The commodity markets appear to be bouncing back after the lows seen earlier this year caused to COVID-19. Dale Durcholz is a commodity analyst and Principal of Grain Cycles in Bloomington, Illinois. To get a sense of where the markets might be heading, Durcholz looked into trends on the Continuous Commodity Index and said the recent rise in commodity prices might not be long-term.
“We’re going to see some kind of a broad shift in terms of commodity prices that probably is going to stay with us over the next two or three years, something like that. There’s a bigger low out there a couple or three years out, so maybe 2026, that’s going to be out here. It may be a nine-year low, and also for this index, it looks like it’s going to be a 27-year low. I think the strength we’re going to see out of commodity prices over the next two-to-four years probably is going to be something short term.”

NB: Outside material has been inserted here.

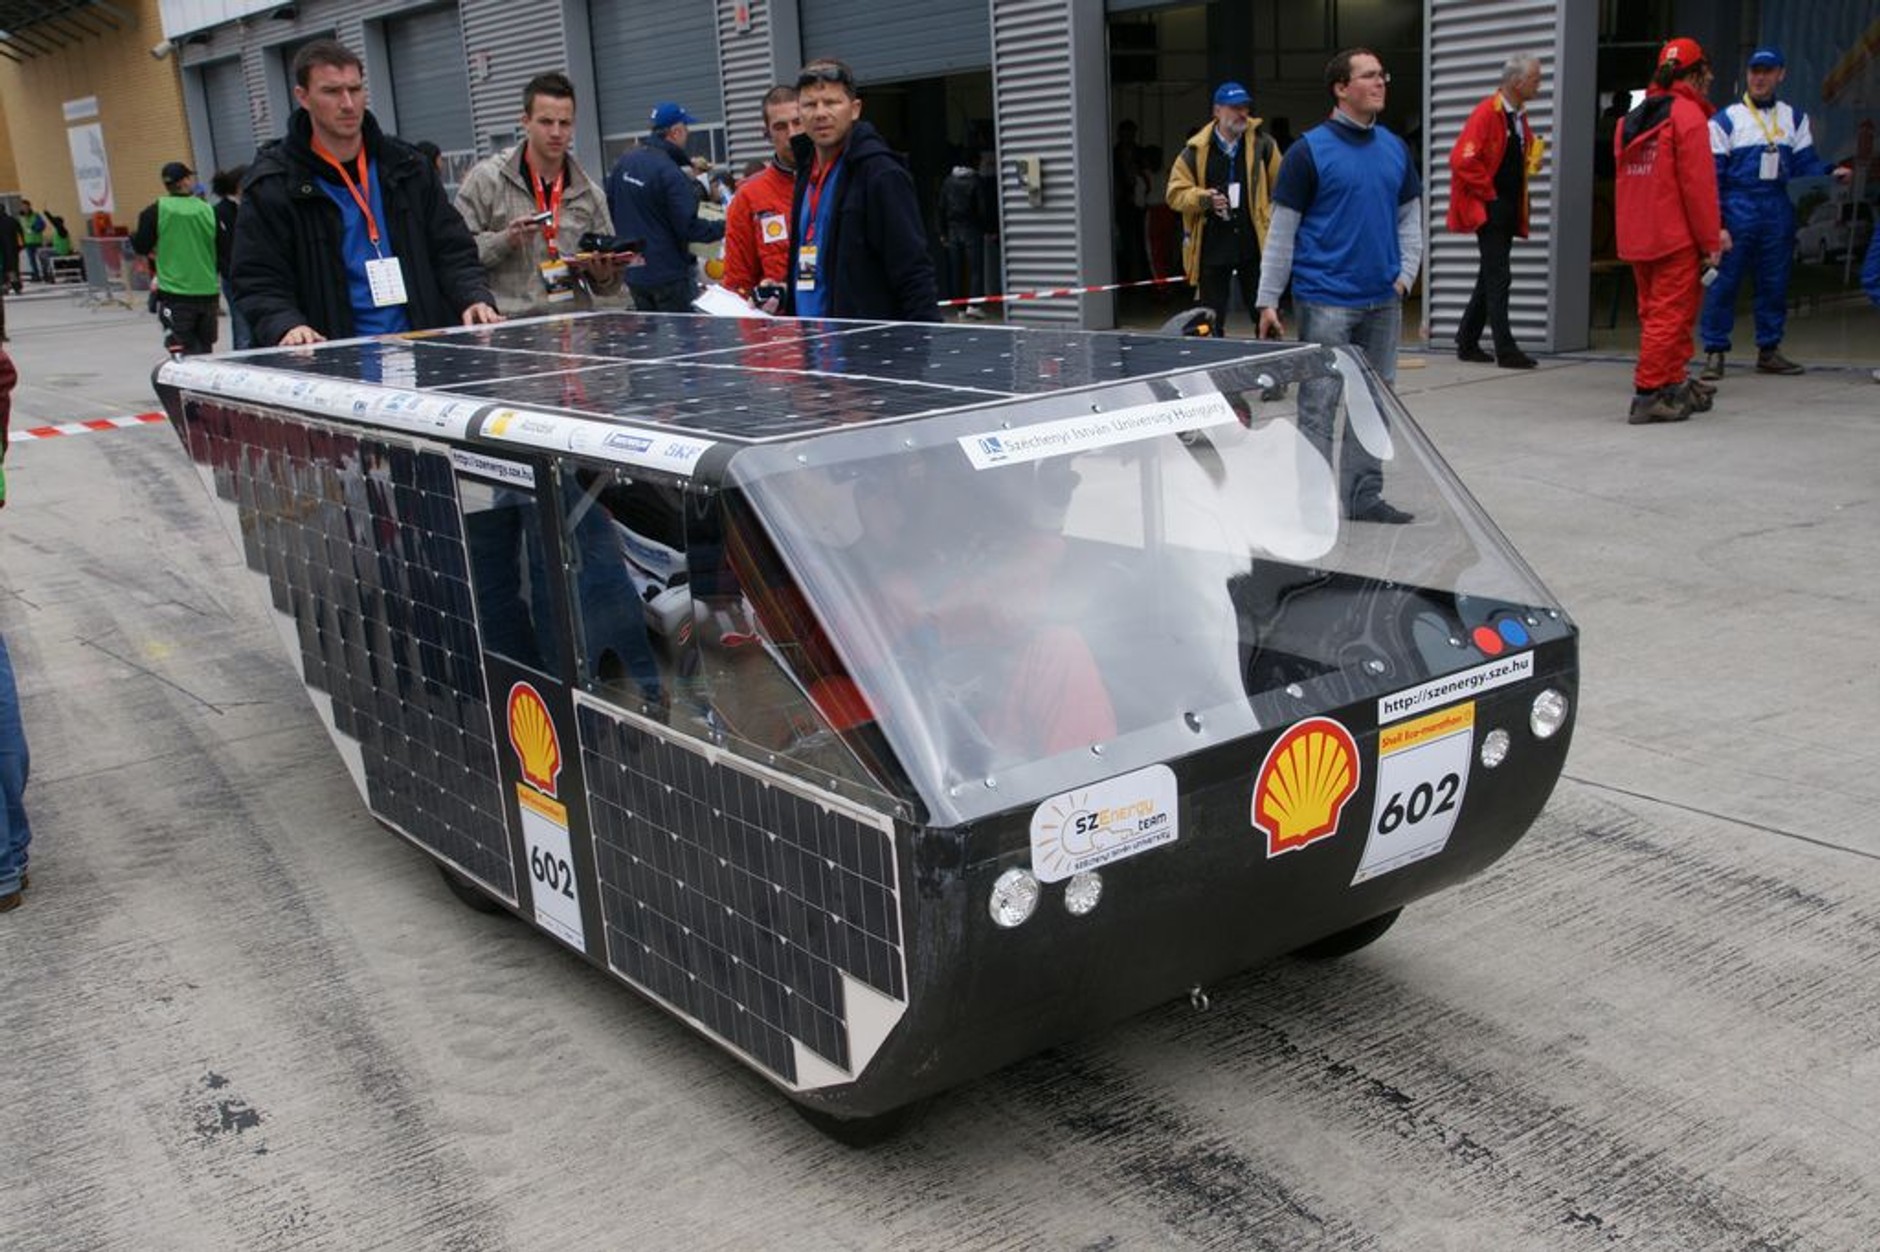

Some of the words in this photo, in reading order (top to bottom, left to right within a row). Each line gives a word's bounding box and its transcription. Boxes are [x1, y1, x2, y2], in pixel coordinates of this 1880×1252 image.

[1383, 659, 1529, 714] http://szenergy.sze.hu
[1377, 773, 1460, 835] 602
[532, 846, 575, 900] 602
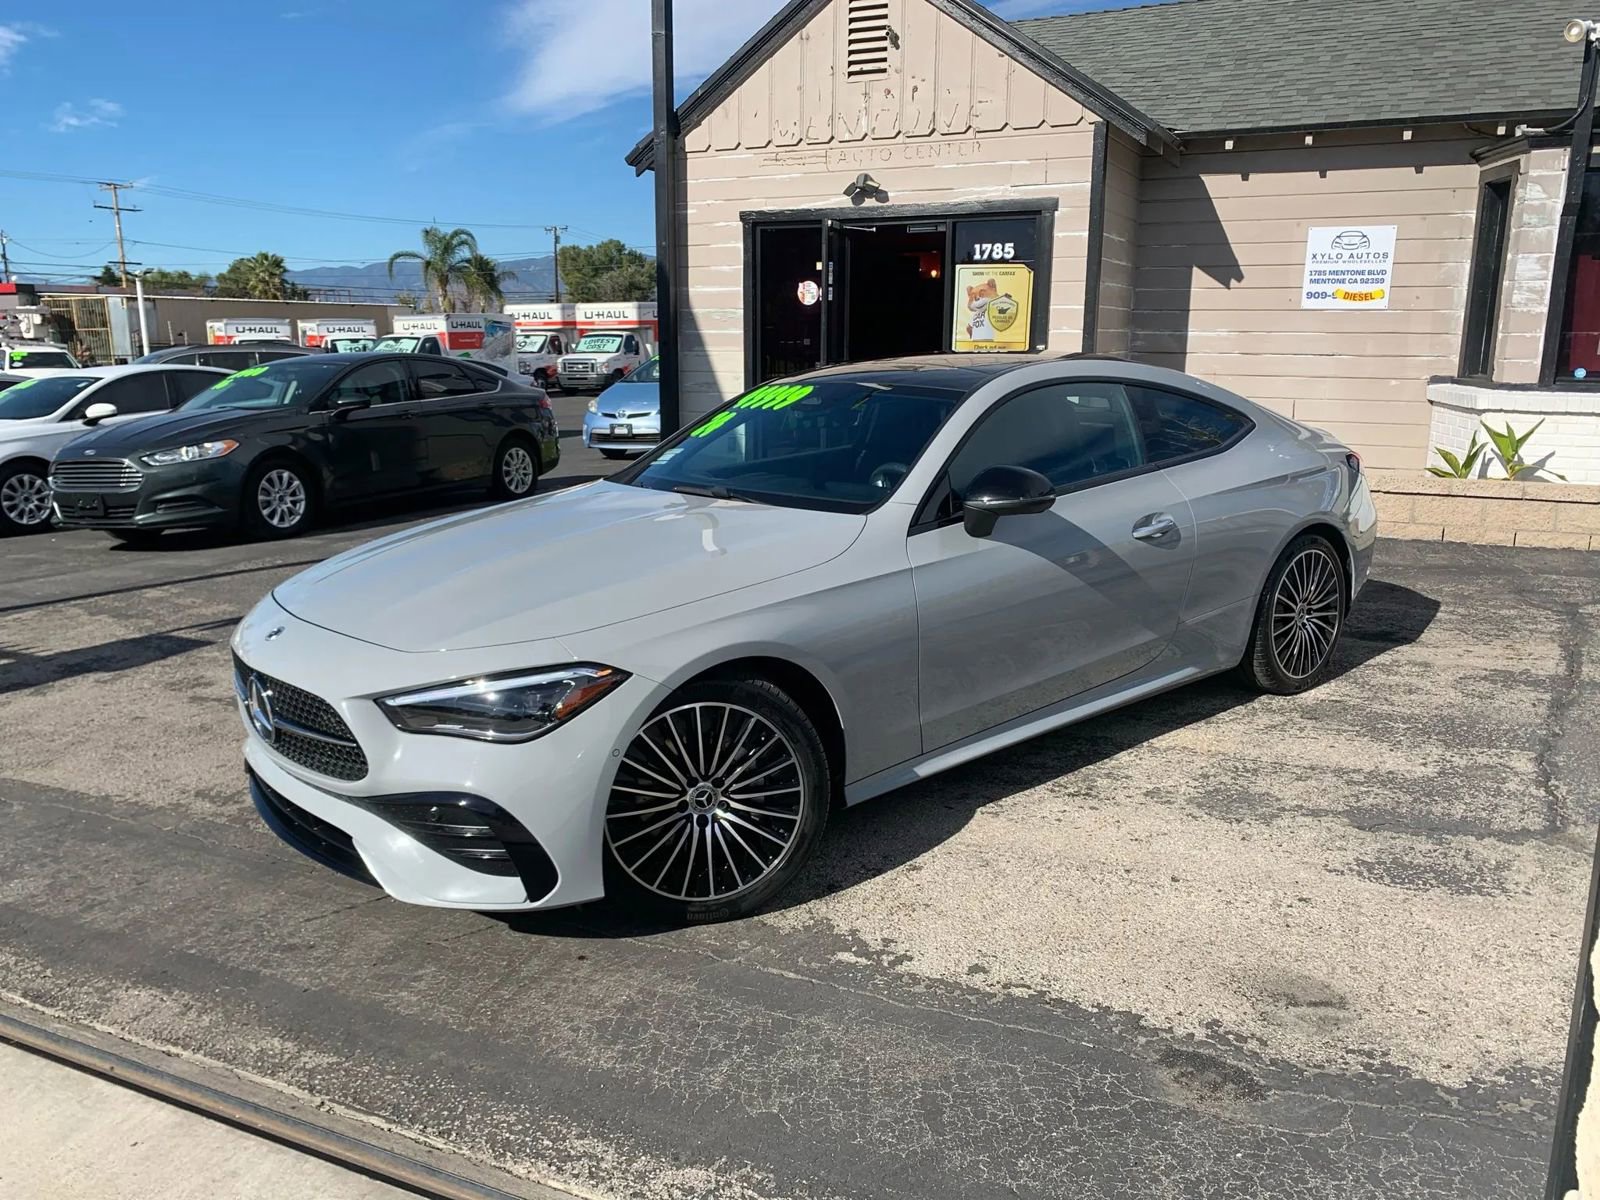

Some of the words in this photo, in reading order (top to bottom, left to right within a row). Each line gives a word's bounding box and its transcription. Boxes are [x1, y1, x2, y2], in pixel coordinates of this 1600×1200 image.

The strength of the U.S. dollar will continue to be a strong influence on commodity markets.
“The dollar has a three-year cycle to it as well, with lows coming about every three years. The one in 2017 might have actually occurred in 2018, but here were as 2020 timed it perfectly to put in another low, so we might see a little bit of strength. It’s going to be interesting, post-election, to see how this turns out. Ultimately, I think the decline we had here in the dollar off the peaks back in 2016, again, going up there in early 2020 and breakdowns kind of setting the stage where we are getting ready to go into a generally weaker dollar. That fits well with commodity prices being strong too.”
He talks about the months ahead in the corn market.

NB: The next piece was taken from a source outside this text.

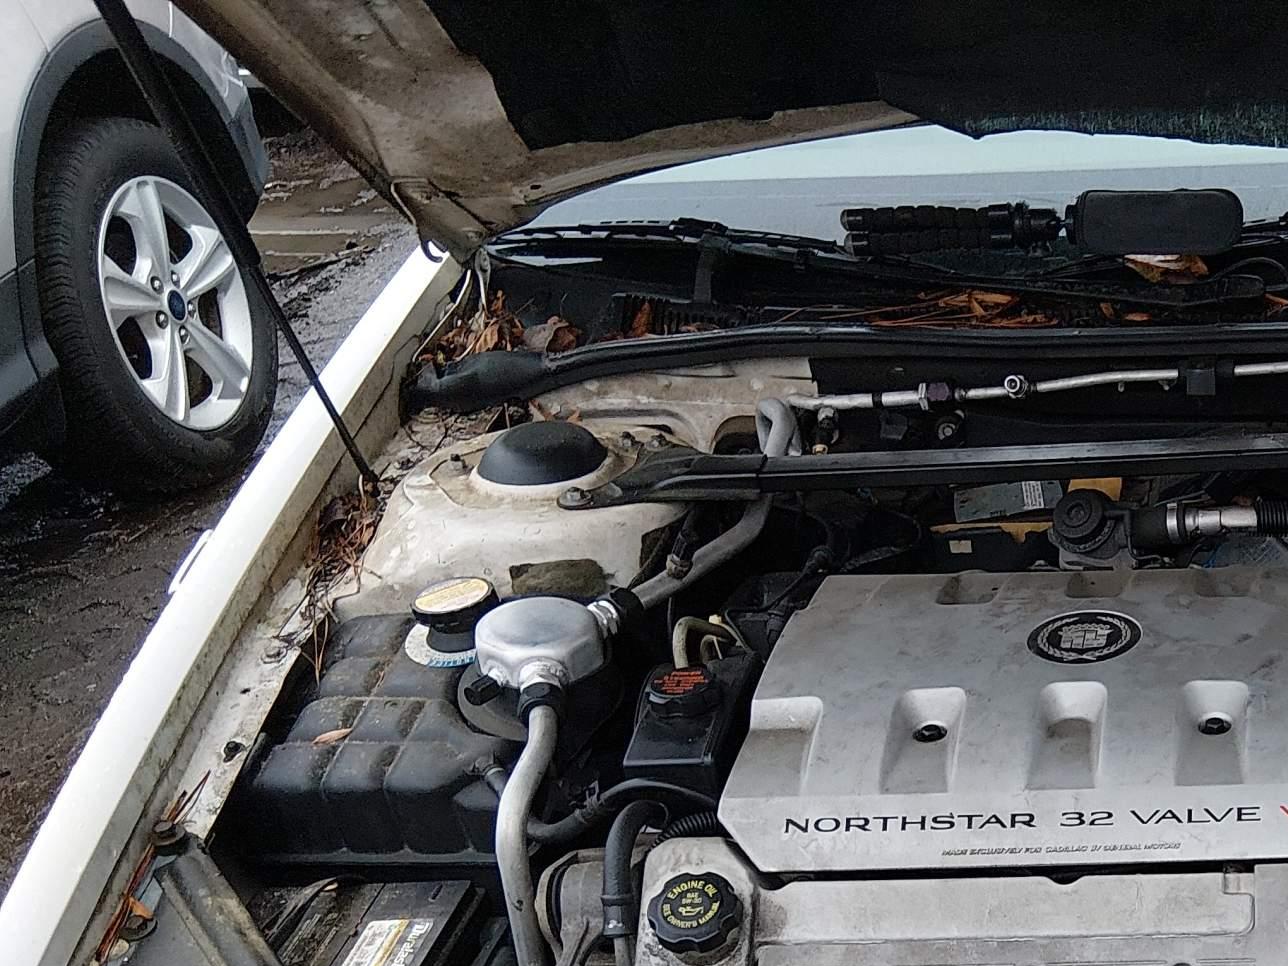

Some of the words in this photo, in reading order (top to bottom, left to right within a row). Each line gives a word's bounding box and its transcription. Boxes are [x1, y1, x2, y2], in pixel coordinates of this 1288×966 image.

“The low we put in back in April was a 5.5-year low; I can’t impress that enough on people. That really completed what looked like a long-term cyclic up. The low we had in August was a two-year low, and with that two-year low, it really set the stage for strength. I didn’t anticipate this much this soon. Also, if you look at the shorter-term cycles, we had a 40-week low in April, we had a 20-week low in late September, so we have another low due here, probably somewhere in February or early March at the latest. I’m wondering if we’re getting to some kind of exhaustion phase with the market waiting on some fresh news.”
The soybean market may need some fresh news to help continue to push it to the upside.
“The low we had in April was a three-year low. We came back with a two-year low in August and a 32-week low in August too. We see another one out here in April with the next 32-week low. With everything that happened here, including the early talk about problems in Brazil and, to a lesser degree, in Argentina, when you look at all the soybean export sales we’ve already put on the books, you wonder if there’s a lot left in this market to give us a big push to the upside. Other than some minor strength, we had a big high in soybeans back in 2016 at 12 dollars, so I think we’re going to have some difficulty to try and move on higher and get over that 12-dollar level here.”
The wheat market is also looking for a spark to push prices higher.
“Wheat doesn’t have a lot of things in the mix here in terms of cyclic influences. Nine and six-year lows are behind us. We don’t have a good short-term seasonal, and with wheat, we rely on seasonals more than anything else. With the action we’ve had in the wheat prices here over the last three-to-four weeks, I’m wondering if we haven’t seen some kind of a winter peak, so it’s a matter of looking for some new influences to come into this game to maybe give us more strength to the upside at this point.”